2.10.2005

Great Expectations

Do you know what you are supposed to accomplish before your life is over?

I wonder if we are here for a purpose – if we are supposed to do great things in our life, or simply just survive – which at times seems like a great effort.

I think about what I have done, and it is not very impressive:
I have had two children…two more are on the way
I have had a job since I was 15
I managed to piss off my mother at every turn of childhood
I used to go to church 3 times a week growing up, but now have not set foot in one in years
I am not good at saving money
I don’t have very many close friends
I don’t like my job very much
I write in my journal on occasion, not very regularly…
I like to run…long distances
I like to work out and stay healthy
I love my husband and love spending time with him
I know how to play the piano, knit, and lay around all day long and still be tired

Wow – what a lame list.
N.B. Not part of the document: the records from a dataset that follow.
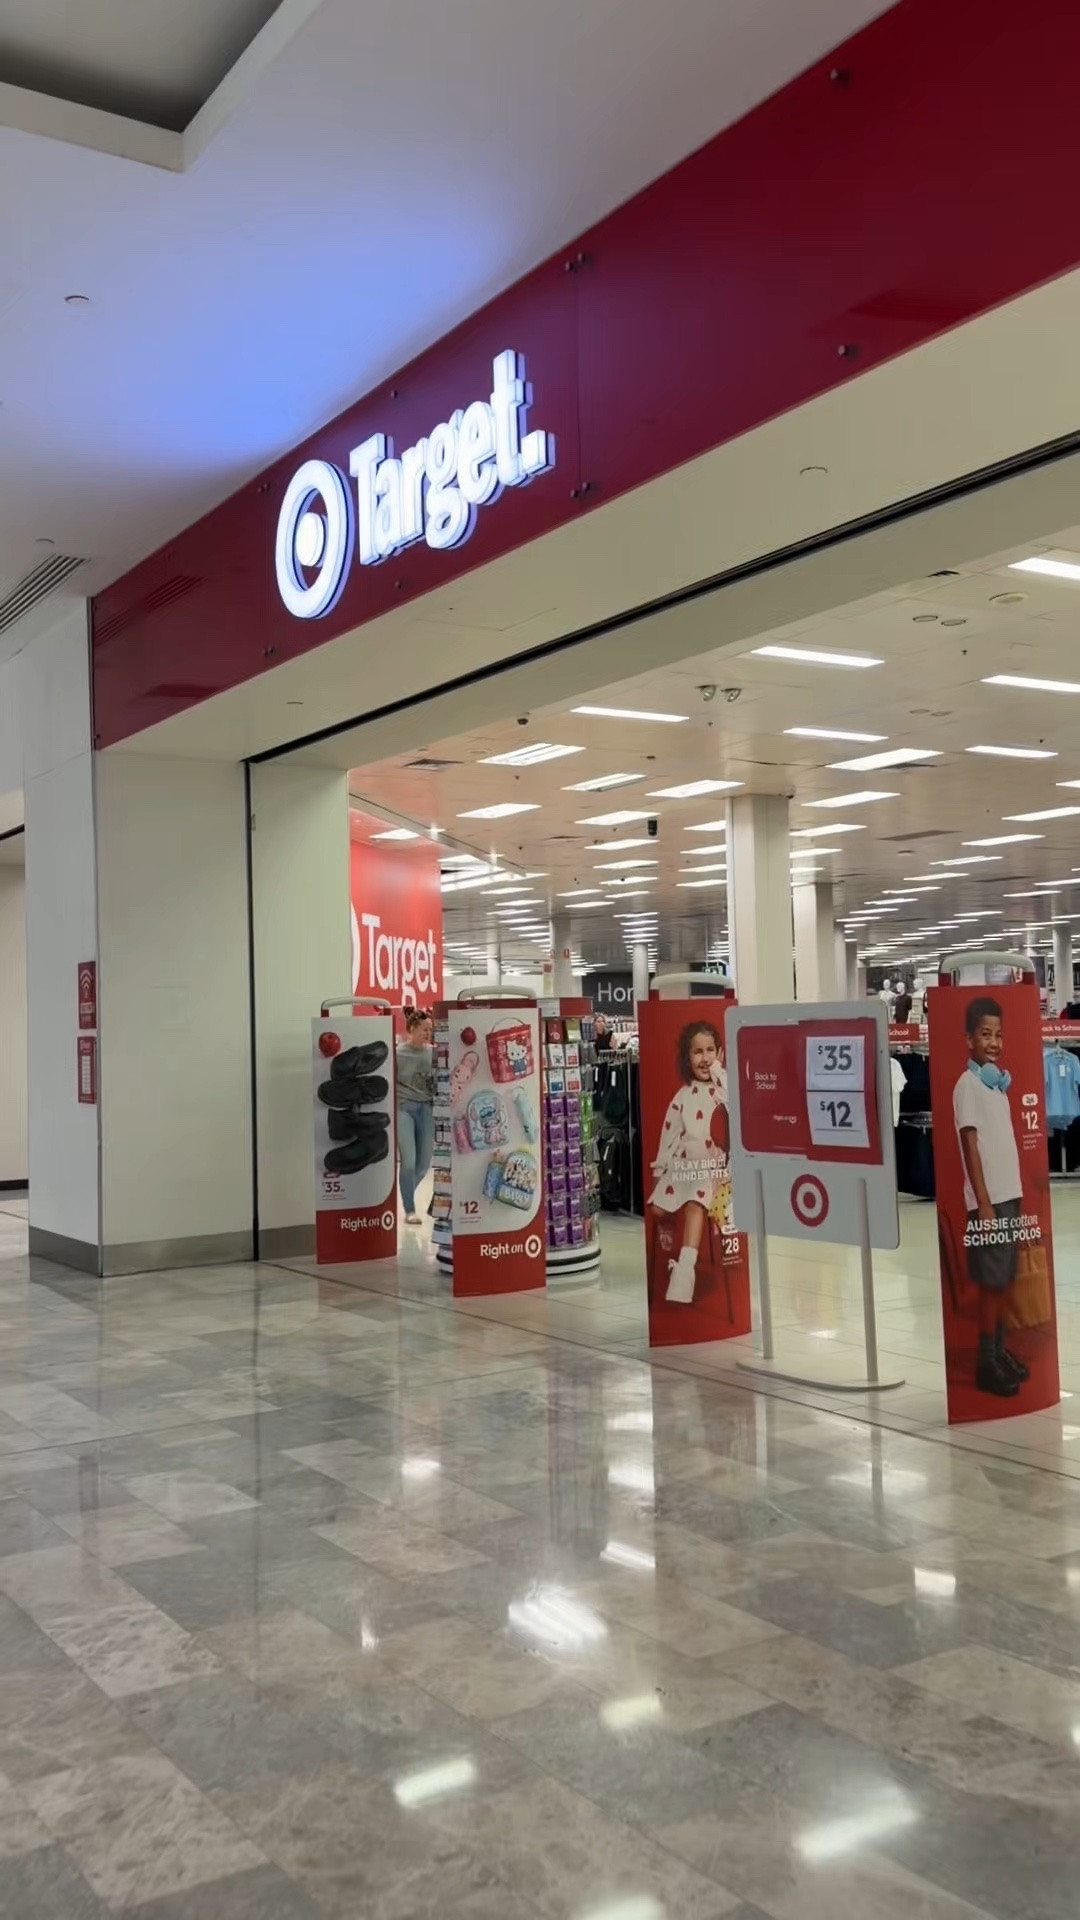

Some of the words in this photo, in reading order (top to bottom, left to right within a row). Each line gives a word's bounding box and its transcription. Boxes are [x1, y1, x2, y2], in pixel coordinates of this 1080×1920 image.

[817, 1045, 852, 1071] $35
[755, 1072, 769, 1081] Back
[770, 1072, 777, 1081] to
[756, 1081, 776, 1090] School
[820, 1101, 853, 1128] $12
[674, 1159, 699, 1170] PLAY
[701, 1158, 716, 1169] BIG
[672, 1169, 709, 1181] KINDER
[711, 1167, 728, 1179] FITS
[340, 1216, 367, 1232] Right
[368, 1217, 379, 1227] on
[966, 1217, 1008, 1233] AUSSIE
[1010, 1213, 1038, 1228] cotton
[963, 1232, 1010, 1247] SCHOOL
[1013, 1227, 1042, 1242] POLOS
[480, 1243, 509, 1259] Right
[511, 1243, 523, 1254] on
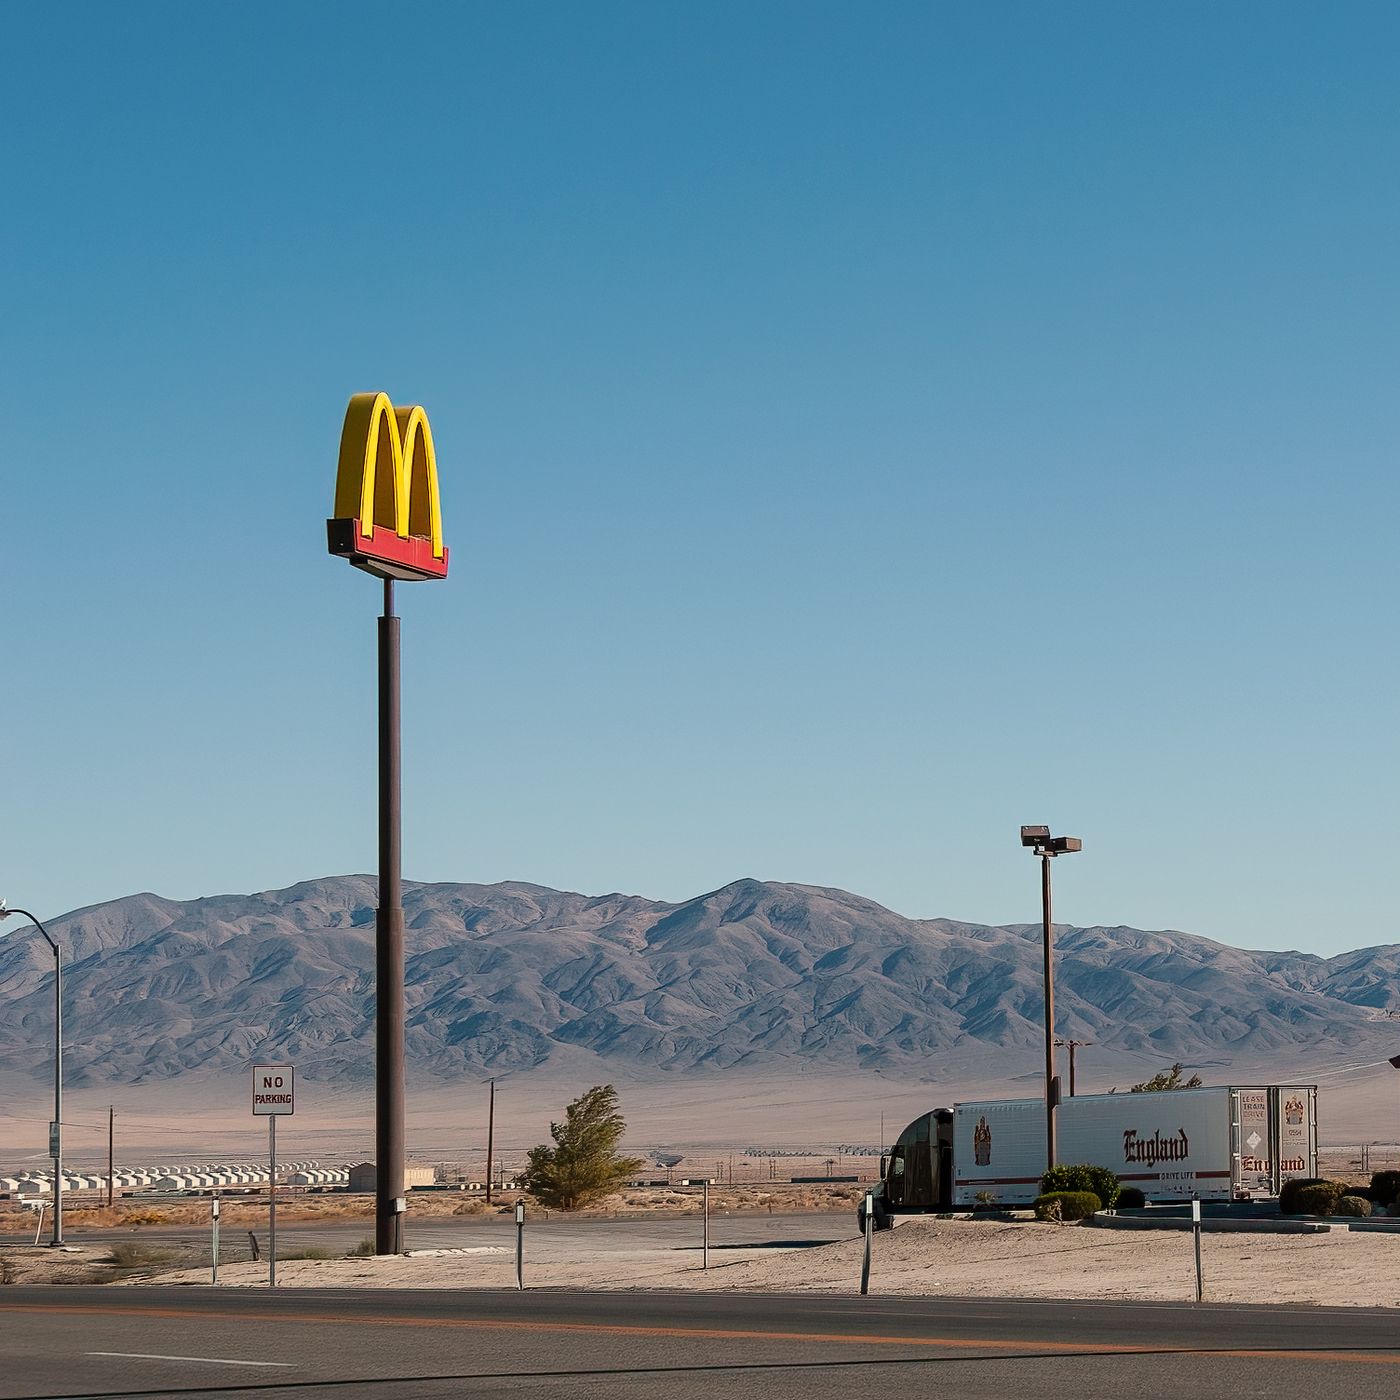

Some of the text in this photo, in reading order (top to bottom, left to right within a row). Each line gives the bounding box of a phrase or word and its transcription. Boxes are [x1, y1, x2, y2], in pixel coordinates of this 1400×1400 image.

[263, 1076, 283, 1088] NO
[255, 1094, 292, 1104] PARKING
[1123, 1128, 1189, 1168] England
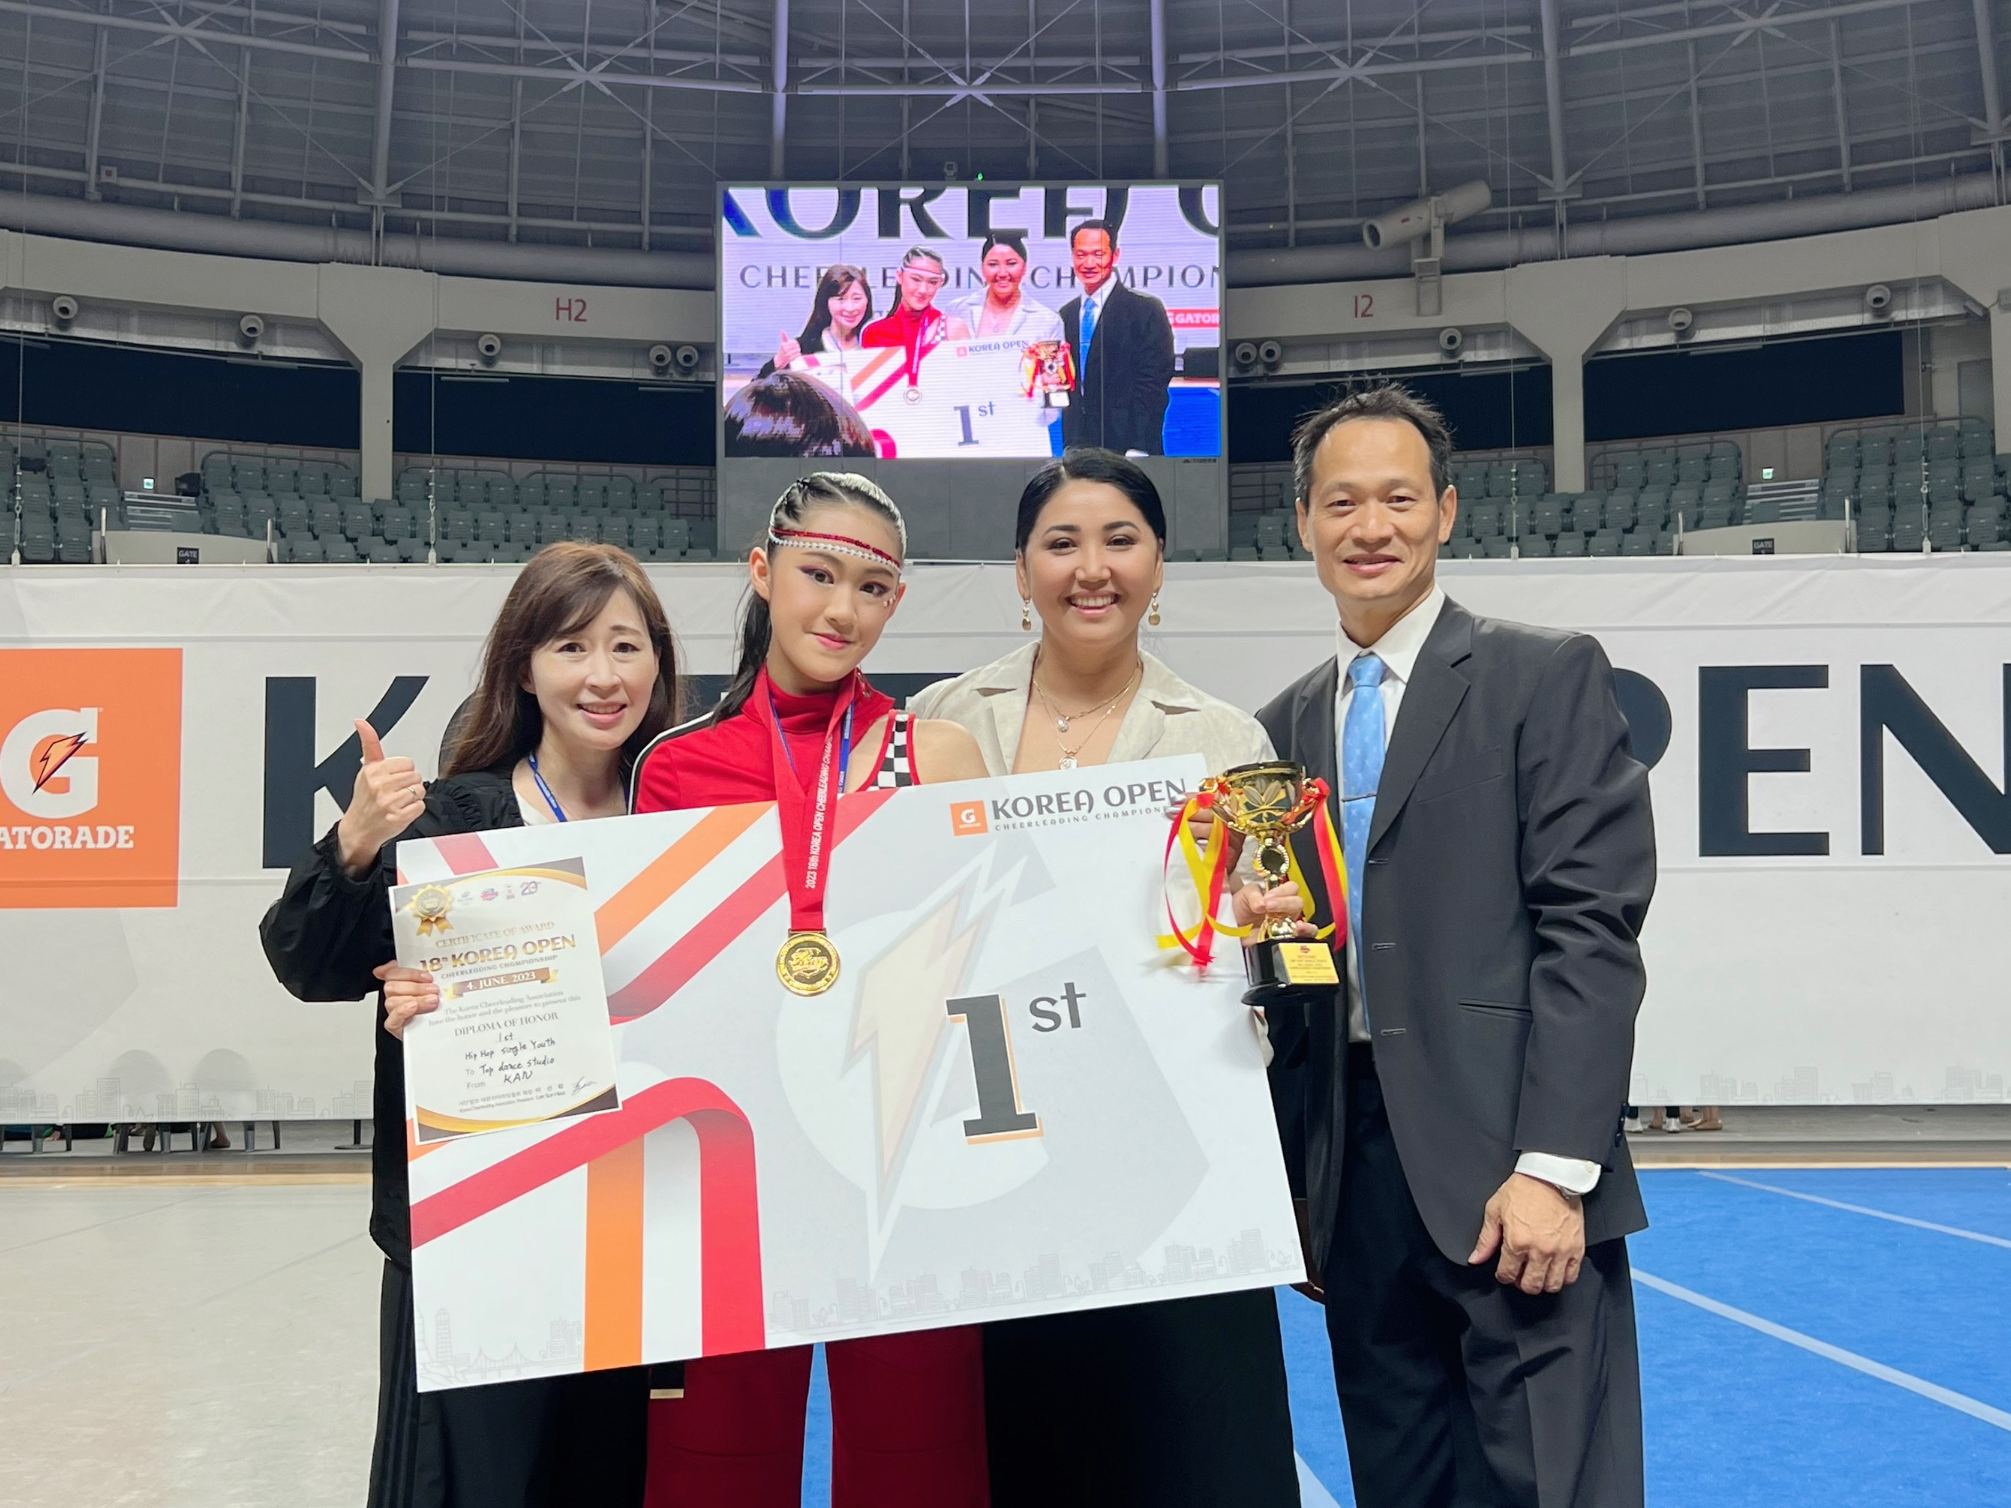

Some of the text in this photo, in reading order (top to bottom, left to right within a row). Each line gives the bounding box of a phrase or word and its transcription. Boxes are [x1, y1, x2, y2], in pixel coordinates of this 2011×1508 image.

[555, 297, 588, 322] H2
[968, 342, 1001, 353] KOREA
[1002, 340, 1028, 351] OPEN
[953, 401, 996, 446] 1st
[178, 550, 198, 558] GATE
[992, 778, 1186, 820] KOREA OPEN
[813, 810, 826, 831] OPEN
[995, 814, 1089, 832] CHEERLEADING
[0, 826, 135, 850] ATORADE
[809, 831, 823, 855] KOREA
[805, 871, 818, 889] 2023
[435, 921, 555, 949] CERTIFICATE OF AWARD
[451, 944, 518, 968] KOREA
[522, 934, 576, 956] OPEN
[441, 954, 558, 979] CHEERLEADING CHAMPIONSHIP
[466, 981, 478, 991] 4.
[512, 971, 536, 981] 2023
[458, 1003, 479, 1012] Korea
[479, 996, 525, 1008] Cheerleading
[526, 990, 564, 1001] Association
[454, 1011, 559, 1037] DIPLOMA OF HONOR
[464, 1052, 478, 1061] Hip
[480, 1049, 495, 1059] Hop
[530, 1037, 556, 1050] Youth
[526, 1054, 555, 1068] studio
[946, 981, 1087, 1140] 1st
[464, 1068, 475, 1076] To
[466, 1080, 486, 1090] From
I have not accomplished much in life have I?

I would love to:
See Mt. Everest
Shoot under 80 in a round of golf
Go to Fiji
See my great-grand children before I die
Still be active at 70
Never live in a nursing home
Retire by 60, happily and with enough money to survive in a nice manner
Own my own company, be my own boss, set my own hours…
Have a cabin in the woods
Live in Austin
Ski every winter
Spend lots of time with my children

But none of those things are grand – they don’t make any lasting impression on the world. Am I just not ambitious enough? Why don’t I want to cure cancer or walk across the US, or travel the world? Why am I content just to live and not be unhappy?